Это была долгая, горячая ласка, сильная, мужская, энергичная, по которой истосковалась земля; властное объятие множества железных рук, проникающих глубоко в бурое, теплое тело земли, которая страстно трепетала в ответ на эту грубую ласку, столь сильную, что казалась она почти оскорблением, столь неистовую, что она становилась поистине жестокой. Здесь, под солнцем и безоблачным небом, началось любовное ухаживание за Богиней-землей; две мировые силы, первородные Мужчина и Женщина, заключили друг друга в объятия, охваченные мукой непреодолимого желания, страшного и божественного, беззаконного, дикого, естественного и возвышенного».

Много мужчин (и женщин) сходит со страниц «Спрута», но об одном, особенно значительном, образе нельзя не упомянуть — об Аникстере. Аникстер груб до дерзости, он не выбирает выражений, нетерпим к мнениям других, полагается только на себя; у него раздражительный нрав и неуживчивый характер, он работает, как вол, ему так же беспредельно доверяют, как и беспредельно его ненавидят; упрямый и сварливый, придирчивый и восхитительно робкий перед «женским полом» — таков Аникстер. Он заслуживает того, чтобы с ним познакомиться. Норрис с таким мастерством вдыхает в него жизнь, что смерть его потрясает, — редкое достижение художественной литературы. Вот Остерман положил голову на руки, словно устал и вздумал отдохнуть, или Делани, движимый инстинктом, ползет в луже крови, чтобы умереть в созревающей пшенице; но вот упал, как подкошенный, Аникстер — и мы впервые плачем. Погиб живой человек.

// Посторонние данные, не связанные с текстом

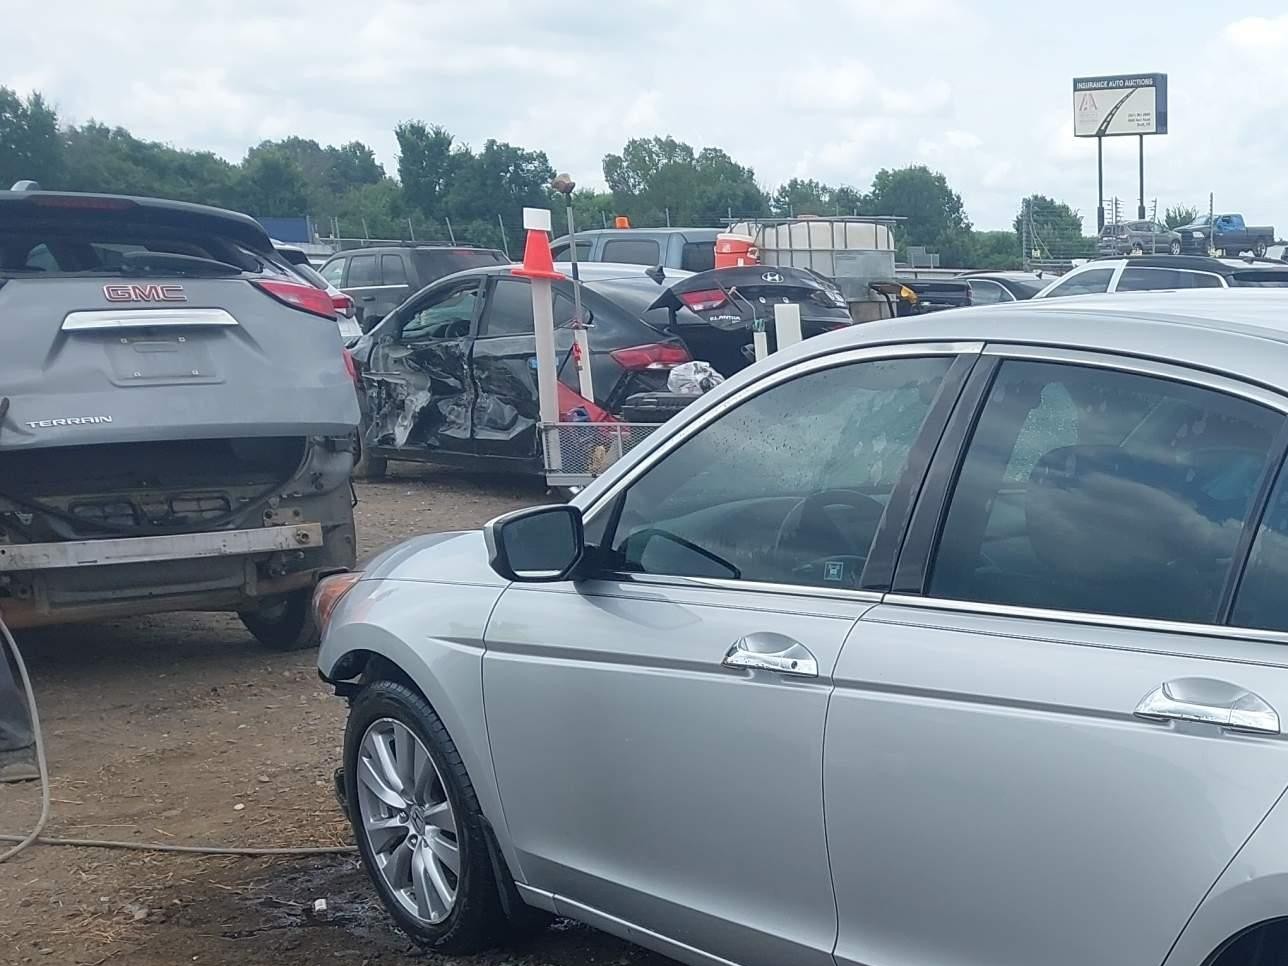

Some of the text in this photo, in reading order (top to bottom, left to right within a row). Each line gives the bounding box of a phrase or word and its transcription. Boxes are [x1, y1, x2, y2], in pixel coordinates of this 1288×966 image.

[1076, 78, 1153, 89] INSURANCE AUTO AUCTIONS
[103, 285, 187, 302] GMC
[26, 415, 113, 428] TERRAIN

Да, надежды, которые возлагались на автора «Моран» и «Мак Тиг», оправдались. Вправе ли мы требовать большего? Пока в нашем распоряжении только первая часть трилогии. «Эпос о пшенице» — немалый замысел. Мы остались довольны «Спрутом» и с нетерпением ждем романов «Омут» и «Волк». Теперь мы уже не сомневаемся.

«Фома Гордеев»

«Фома Гордеев» — большая книга; в ней не только простор России, но и широта жизни. В нашем мире рынков и бирж, в наш век спекуляций и сделок из каждой страны доносятся страстные голоса, требующие жизнь к ответу. В «Фоме Гордееве» свой голос подымает русский, ибо Горький — подлинно русский в своем восприятии и понимании жизни. Характерные для русских самонаблюдение и углубленный самоанализ свойственны и ему. И, как у всех русских собратьев Горького, его творчество насыщено горячим, страстным протестом. И это не случайно. Горький пишет потому, что у него есть что сказать миру, и он хочет, чтобы слово его было услышано. Из его стиснутого могучего кулака выходят не изящные литературные безделушки, приятные, усладительные и лживые, а живая правда, — да, тяжеловесная, грубая и отталкивающая, но правда.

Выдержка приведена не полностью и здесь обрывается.